A moving, semi-autobiographical family epic, told from a child’s perspective in Germany during the lead up to World War I
This “sophisticated book with a cosmopolitan gloss” is equal parts surprisingly funny family drama and serious historical fiction (Hilary Mantel)
A Legacy is the tale of two very different families, the Merzes and the Feldens. The Jewish Merzes are longstanding members of Berlin’s haute bourgeoisie who count a friend of Goethe among their distinguished ancestors. Not that this proud legacy means much of anything to them anymore. Secure in their huge town house, they devote themselves to little more than enjoying their comforts and ensuring their wealth. The Feldens are landed aristocracy, well off but not rich, from Germany’s Catholic south. After Julius von Felden marries Melanie Merz the fortunes of the two families will be strangely, indeed fatally, entwined.
Set during the run-up to World War I, a time of weirdly mingled complacency and angst, A Legacy is captivating, magnificently funny, and profound, an unforgettable image of a doomed way of life.

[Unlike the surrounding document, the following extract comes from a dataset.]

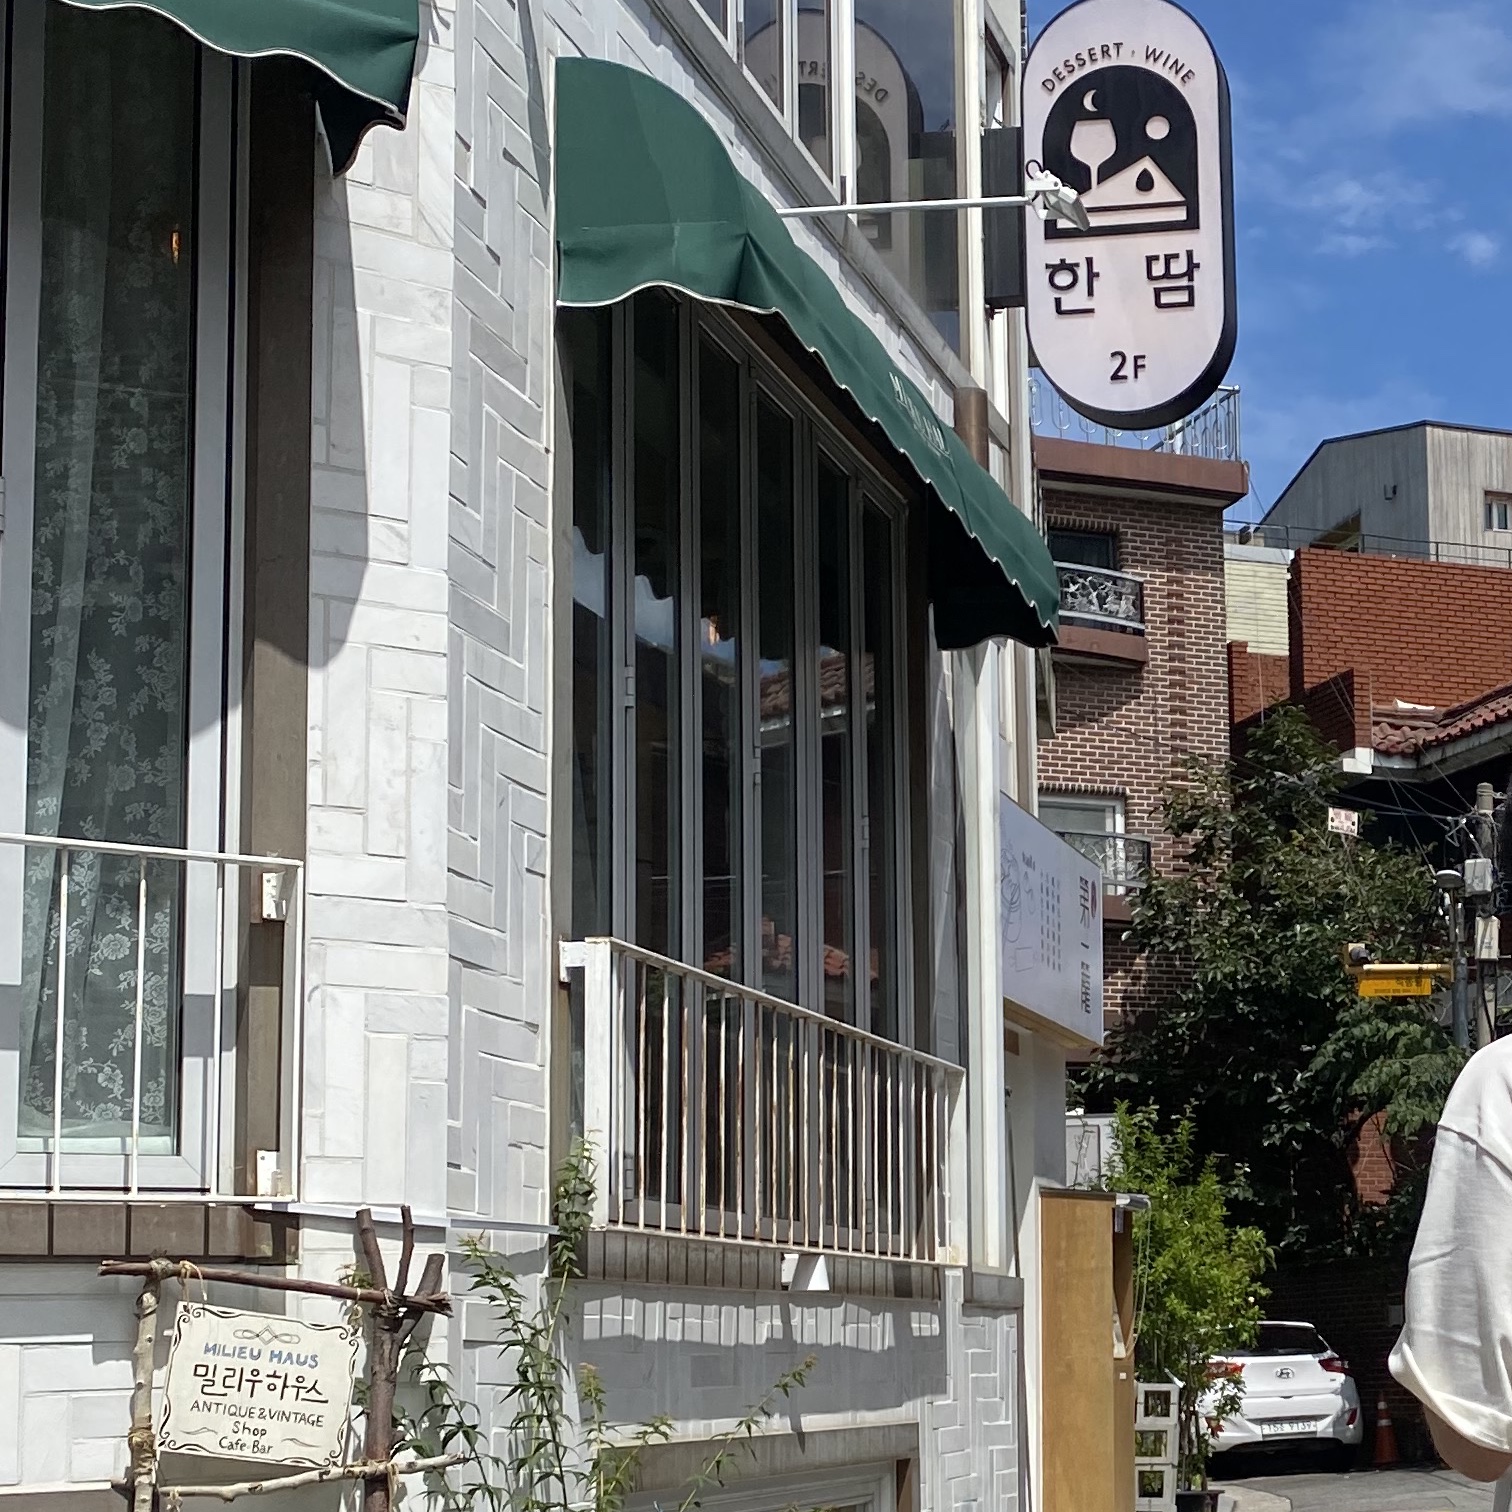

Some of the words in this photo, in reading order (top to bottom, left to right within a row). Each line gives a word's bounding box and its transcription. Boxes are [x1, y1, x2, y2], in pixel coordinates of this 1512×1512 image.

Bedford's historical account, in which two very different families are bound together by marriage, money, and tragedy in the time just before WWI, parallels her own early life. In a recently unified Germany on the brink of war, familial struggles reflect the country's precarious foundation. When Julius von Felden, a well-off man of Catholic descent with more cachet in his cultural pursuits than money to his name, meets and marries Melanie Merz, a young Jewish woman from an affluent family, their union produces a daughter and causes tension. Although their time together is short-lived Melanie succumbs to illness, leaving behind Julius and their daughter Julius continues to receive an allowance from the Merz family. The Feldens, French-speaking Catholic aristocrats from the south of Germany, live a rich and rural life in the country. When Johannes, one of Julius's three brothers, is shipped off to a Prussian cadet camp and runs away, causing scandal within the family, the catastrophic results are felt for years. Then a tragic accident exposes secrets and motives, causing an irreparable rift between the families. Fraught with Prussian politics and heavy-handed historical context, this is less a bildungsroman than a tale of a family adjusting to a changing country. Bedford's cool, insightful narrative style leaves her characters flat and unchanging in the face of great historical change.